If, on the other hand, the permanent tooth has undergone an extrusive luxation (it appears longer, from a clinical standpoint), it must be repositioned by gently reinserting it in the socket. It will then need to be splinted at a later stage.

If the luxation also has a vestibular vector, the tooth will have to be repositioned manually, then stabilised once in the dental surgery.

If the luxation is intrusive (the tooth re-enters the alveolar bone axially, appearing shorter), it will not be possible to perform any emergency manipulation, in which case the situation will have to be monitored over time, while adopting the right treatment option.

Complete avulsion of a permanent tooth

What action should be taken in the case of complete avulsion of a permanent tooth? (10)

After finding the avulsed tooth and verifying that it is a permanent tooth, be sure to hold it by the crown without touching the root. If the tooth is dirty, it should be rinsed briefly under running water (10 seconds at most) and reinserted in place. Once reinserted, have the patient bite on a handkerchief to stabilise the newly repositioned tooth.

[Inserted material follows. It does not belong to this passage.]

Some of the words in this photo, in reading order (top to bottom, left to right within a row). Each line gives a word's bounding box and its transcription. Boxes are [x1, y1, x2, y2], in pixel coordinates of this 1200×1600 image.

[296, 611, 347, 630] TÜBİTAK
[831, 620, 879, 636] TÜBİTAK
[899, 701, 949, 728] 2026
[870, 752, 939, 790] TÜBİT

If immediate reinsertion is not possible for some reason, the avulsed tooth must be preserved in a suitable medium such as milk, saline solution or saliva. The avulsed tooth can also be preserved inside the mouth. Do not store it in plain water.

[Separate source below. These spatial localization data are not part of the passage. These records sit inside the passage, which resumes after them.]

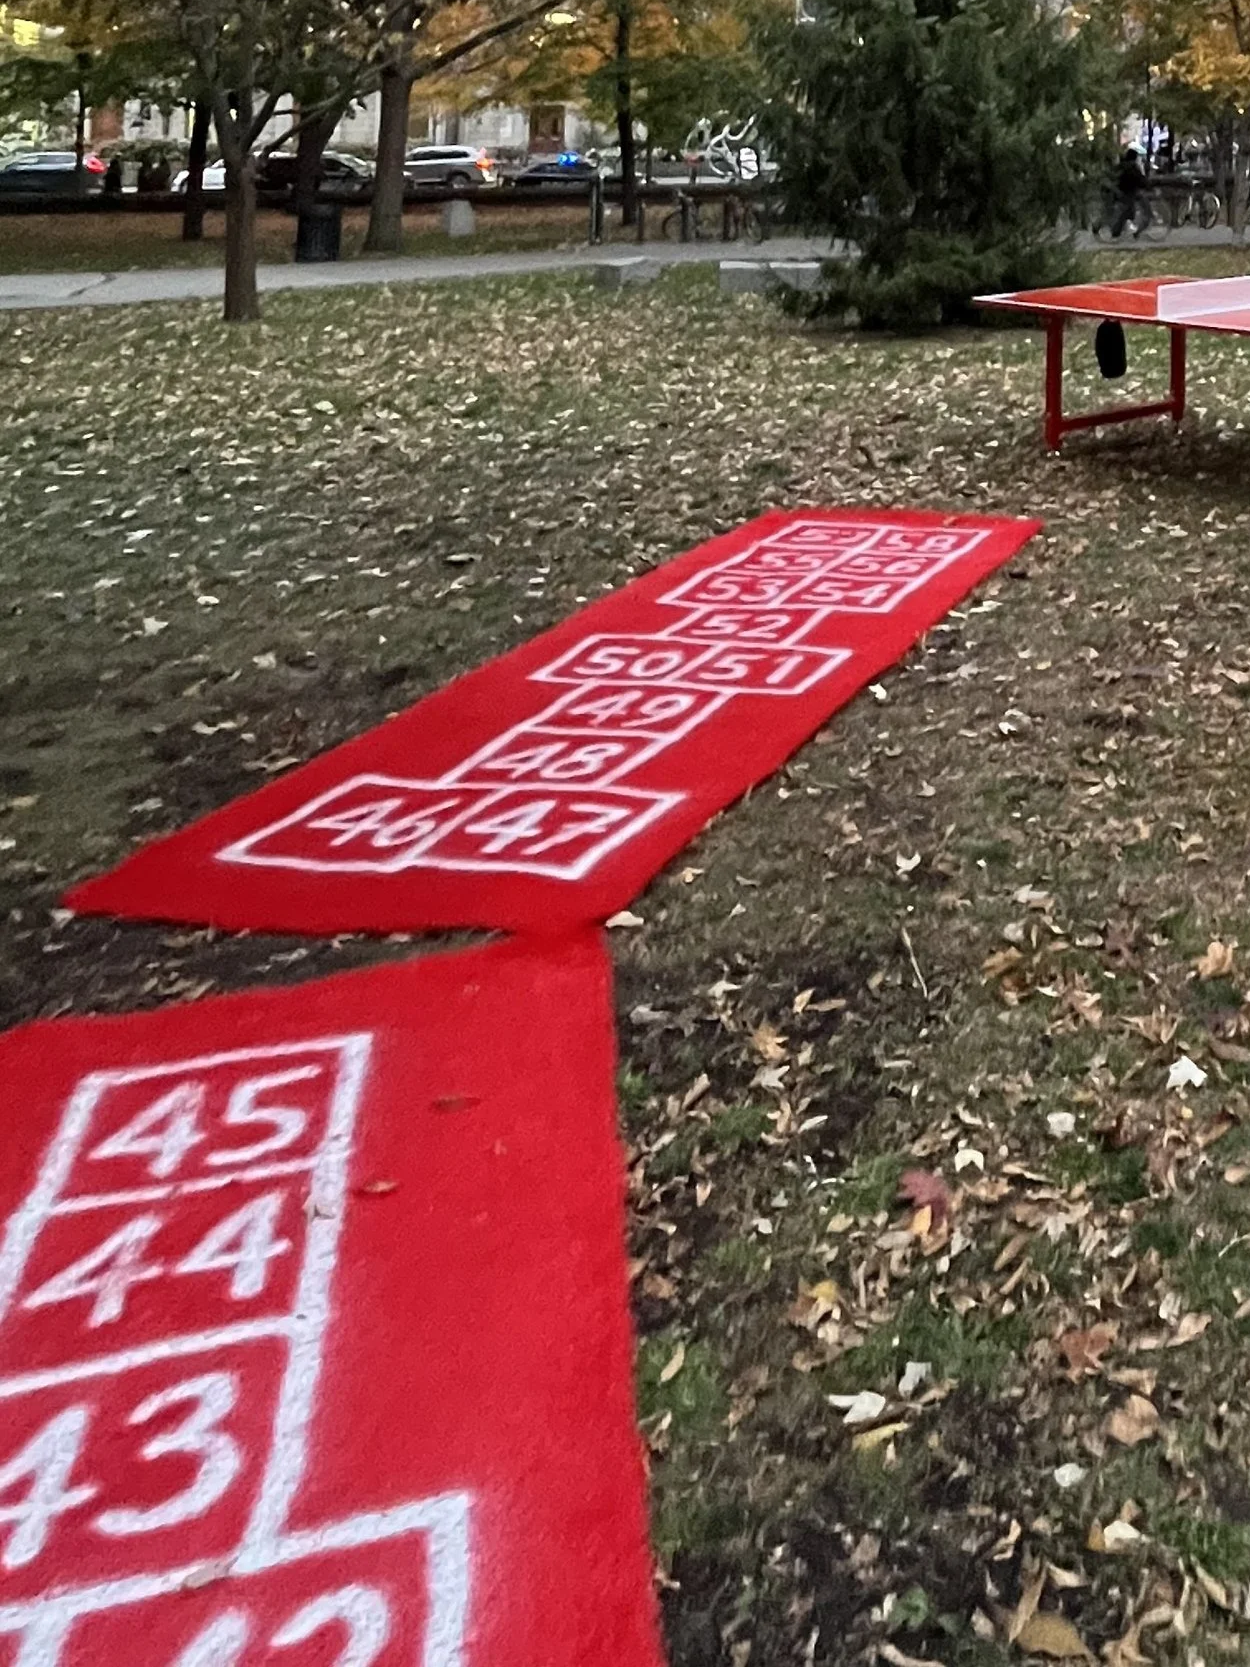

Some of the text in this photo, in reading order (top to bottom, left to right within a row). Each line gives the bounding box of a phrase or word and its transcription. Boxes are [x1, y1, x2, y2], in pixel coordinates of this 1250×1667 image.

[878, 533, 960, 552] 58
[744, 552, 834, 571] 55
[839, 556, 928, 574] 56
[698, 577, 785, 604] 53
[800, 582, 892, 606] 54
[690, 613, 790, 639] 52
[572, 646, 683, 679] 50
[698, 653, 804, 684] 51
[567, 689, 697, 728] 49
[482, 742, 627, 780] 48
[307, 797, 461, 848] 46
[465, 799, 632, 857] 47
[90, 1063, 324, 1178] 45
[21, 1192, 292, 1329] 44
[0, 1372, 242, 1569] 43
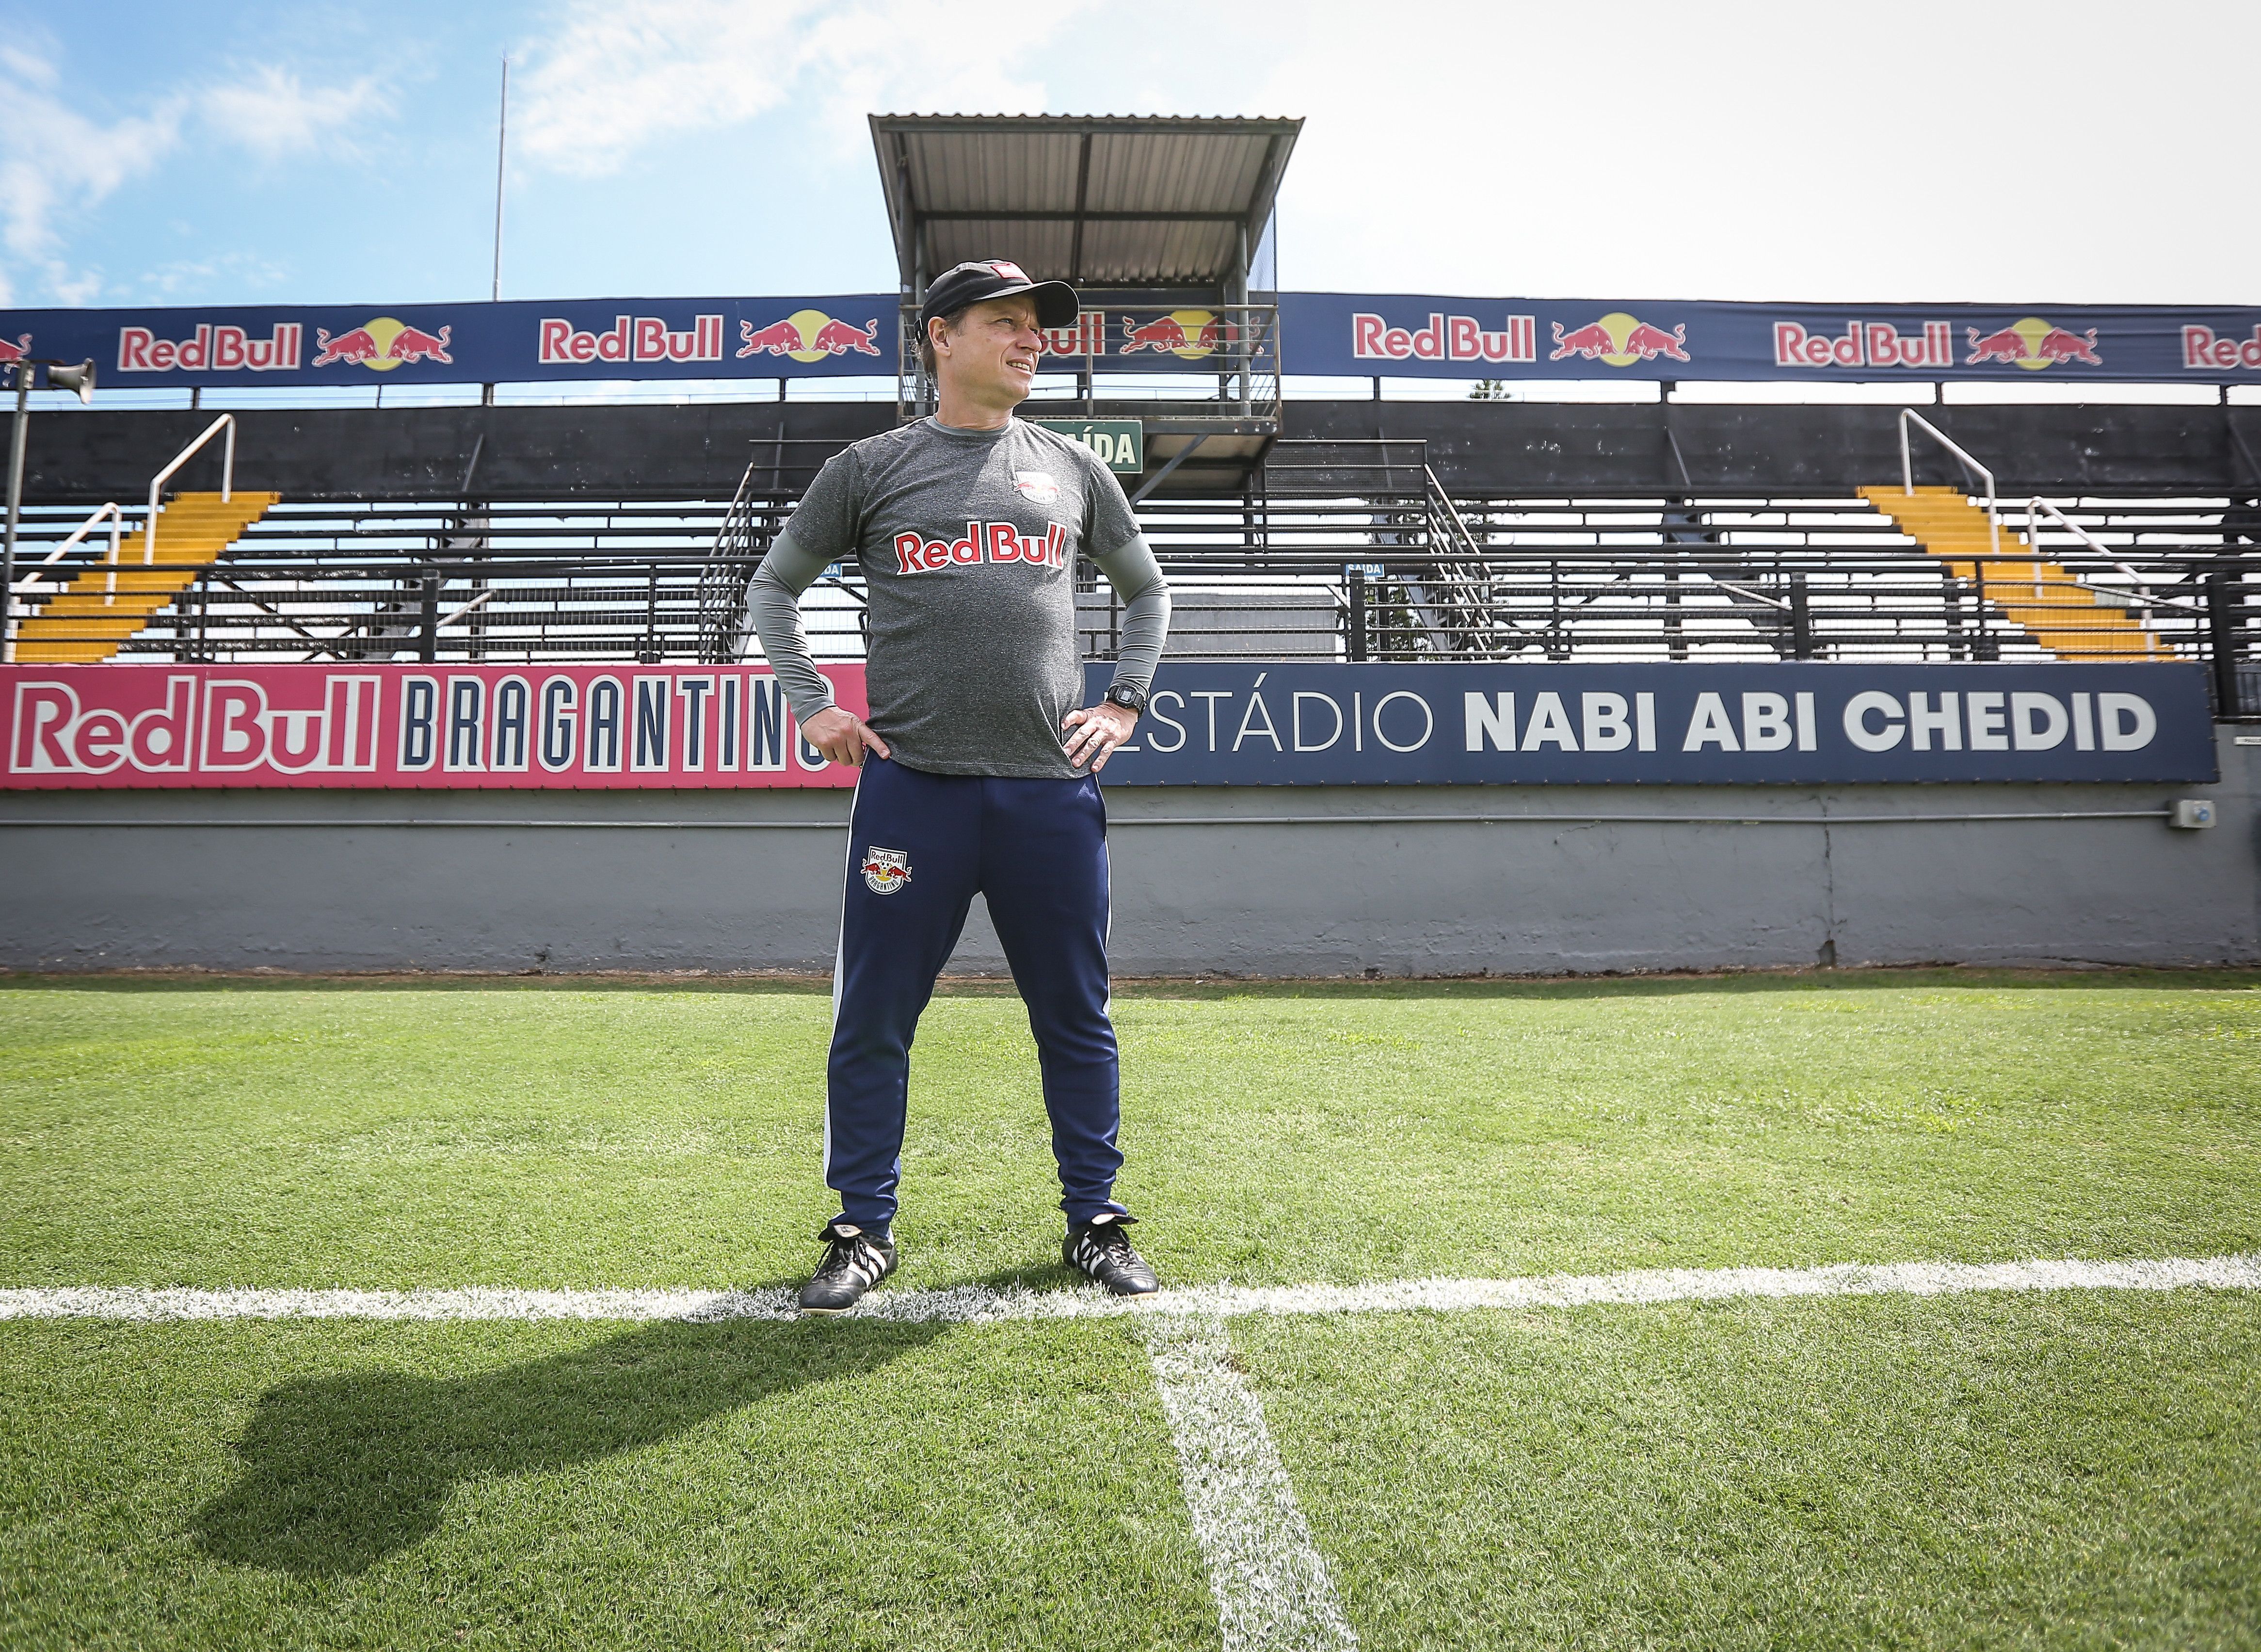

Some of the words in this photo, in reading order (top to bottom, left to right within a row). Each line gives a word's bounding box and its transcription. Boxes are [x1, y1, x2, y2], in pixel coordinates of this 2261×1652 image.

Reinsert the tooth as soon as possible.

The prognosis for an avulsed tooth is closely related to the speed of reinsertion and how it is preserved during the period between the traumatic event and its reinsertion. If the tooth is wrongly kept exposed to air, it will take just 60 minutes for the cells of the periodontal ligament to die. (10)


References

  1. Andersson, L. (2013). Epidemiology of traumatic dental injuries. Journal of endodontics, 39(3), S2-S5.
  2. Andreasen, J. O., Andreasen, F. M., & Andersson, L. (Eds.). (2018). Textbook and color atlas of traumatic injuries to the teeth. John Wiley & Sons.
  3. Rocha MJC, Cardoso M. Traumatized permanent teeth in Brazilian children assisted at the Federal University of Santa Catarina, Brazil. Dent Traumatol 2001;17:245–9.
  4. Traebert J, Peres MA, Blank V, et al. Prevalence of traumatic dental injury and associated factors among 12- year-old school children in Florianopolis, Brazil. Dent Traumatol 2003;19:15–8.
  5. Glendor U, Andersson L. Public health aspects of oral diseases and disorders: dental trauma. In: Pine C, Harris R, eds. Community Oral Health. London: Quintessence Publishing; 2007:203–11.
  6. Andreasen JO, Ravn JJ. Epidemiology of traumatic dental injuries to primary and permanent teeth in a Danish population sample. Int J Oral Surg 1972;1:235–9.
  7. Kaste LM, Gift HC, Bhat M, et al. Prevalence of incisor trauma in persons 6 to 50 years of age: United States, 1988–1991. J Dent Res 1996;75:696–705.
  8. Bourguignon, C., Cohenca, N., Lauridsen, E., Flores, M. T., O’Connell, A. C., Day, P. F., … & Levin, L. (2020). International Association of Dental Traumatology guidelines for the management of traumatic dental injuries: 1. Fractures and luxations. Dental Traumatology, 36(4), 314-330.
  9. Flores, M. T., Malmgren, B., Andersson, L., Andreasen, J. O., Bakland, L. K., Barnett, F., … & Arx, T. V. (2007). Guidelines for the management of traumatic dental injuries. III. Primary teeth. Dental Traumatology23(4), 196-202.
  10. Andersson, L., Andreasen, J. O., Day, P., Heithersay, G., Trope, M., DiAngelis, A. J., … & Tsukiboshi, M. (2012). International Association of Dental Traumatology guidelines for the management of traumatic dental injuries: 2. Avulsion of permanent teeth. Dental traumatology, 28(2), 88-96.
  11. Bauss, O., Röhling, J., & Schwestka‐Polly, R. (2004). Prevalence of traumatic injuries to the permanent incisors in candidates for orthodontic treatment. Dental Traumatology, 20(2), 61-66.